Women’s cycle race has ‘numerous’ sponsor offers


Transgender cyclist Emily Bridges was ruled ineligible to compete by the UCI

The organiser of a women’s cycling race says he has had “numerous” offers of financial support after its main benefactor withdrew funding in reaction to British Cycling’s suspension of its transgender policy.

Colin Clews, the chief organiser of the Women’s CiCLE Classic, told BBC Sport some offers have come from women’s rights groups, as well as from individuals and companies.

Campaign groups Sex Matters and Fair Play for Women announcedexternal-link they had made a formal joint offer.

Peter Stanton has sponsored the race since its 2016 inception but withdrew his support on Tuesday after he said British Cycling made the “totally unacceptable” decision to suspend its transgender policy last week.

That decision came after transgender cyclist Emily Bridges was prevented from competing in her first elite women’s race, despite meeting the requirements, after the UCI – cycling’s world governing body – ruled her ineligible.

Clews said he respected Stanton’s views but “does not in any way condone this as a course of action to assist in promoting of those views”.

“The transgender policy adopted by British Cycling had been the result of a full consultation process and was believed to have been working well until last week when it was suspended without any further consultation,” Stanton told The British Continentalexternal-link.

“Whilst fully supportive of women’s sport, I also have many friends and colleagues within the transgender community whom I feel that I would be letting down if I did not make a stand to show my support for their rights.

“This is not the first case of a transgender rider competing under UCI rules, or even as part of an official UCI team, and to arbitrarily change that position based on one individual case, I find totally unacceptable.

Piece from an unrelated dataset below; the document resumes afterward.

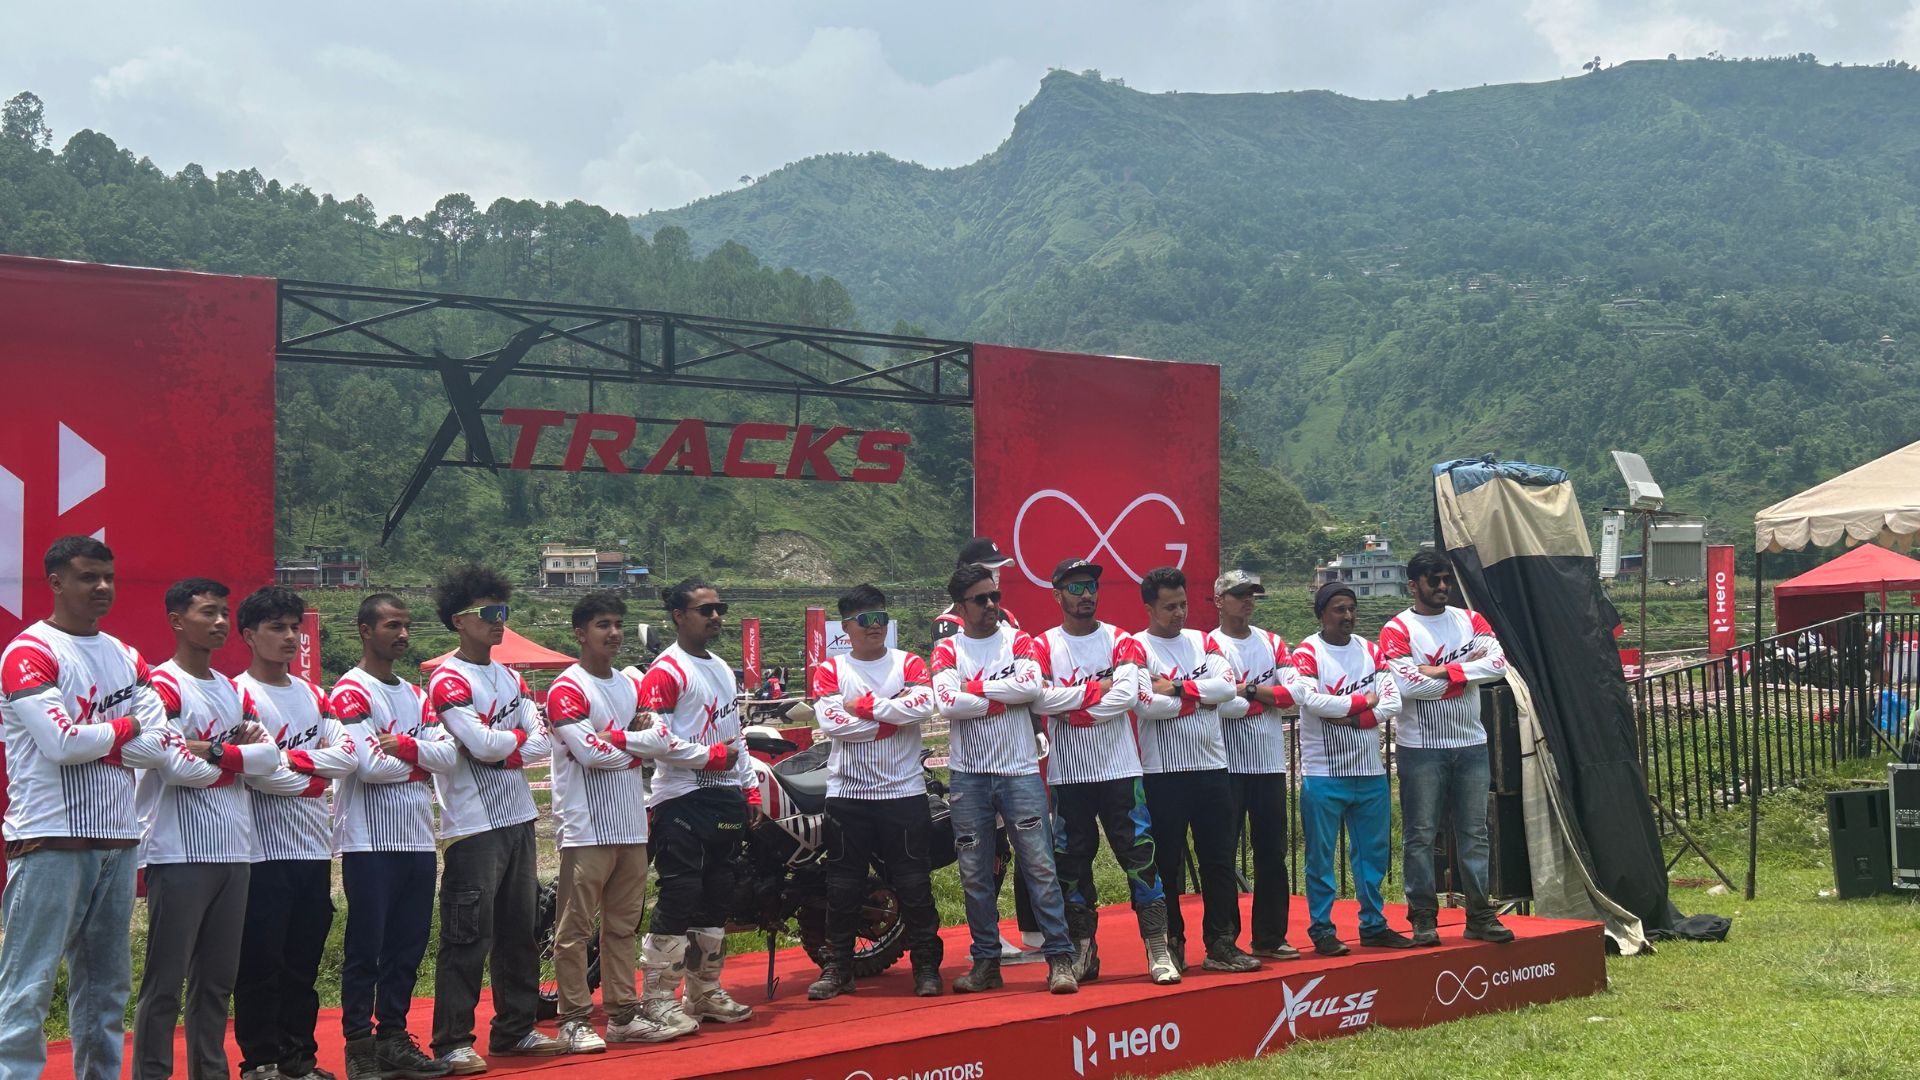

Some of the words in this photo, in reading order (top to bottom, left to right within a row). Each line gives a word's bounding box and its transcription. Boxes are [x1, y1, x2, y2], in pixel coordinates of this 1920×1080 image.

“I am desperately saddened by the Emily Bridges case and the actions that it has prompted me to take. I sincerely hope that a satisfactory resolution to her case and that of similar cases in the future can be quickly found in the interests of all parties involved, and sport in general.”

Following Stanton’s funding withdrawal, British Cycling has pledged additional support to the Women’s CiCLE Classic, which Clews says is just under £10,000, but a £15,000 shortfall remains.

The Women’s CiCLE Classic forms part of British Cycling’s National Road Series and is set to take place on 19 June in Melton, Leicestershire, alongside its junior men’s equivalent.

Previous winners of the women’s race include Olympic medallists Katie Archibald and Neah Evans.

After a plea for support on Tuesday, Clews said the response had been “absolutely incredible”.

However, he said he had reservations of accepting offers from campaign groups for fear of “politicising” the race.

“At the present time, myself and colleagues are considering that [offer] amongst other options that might be available to us from commercial sources,” he said.

“We want this event to continue into the future and therefore we would prefer to link with a partner or number of partners who are able to give us financial backing for a number of years ahead, so we’re not in the same position next year as we’ve found ourselves in this year.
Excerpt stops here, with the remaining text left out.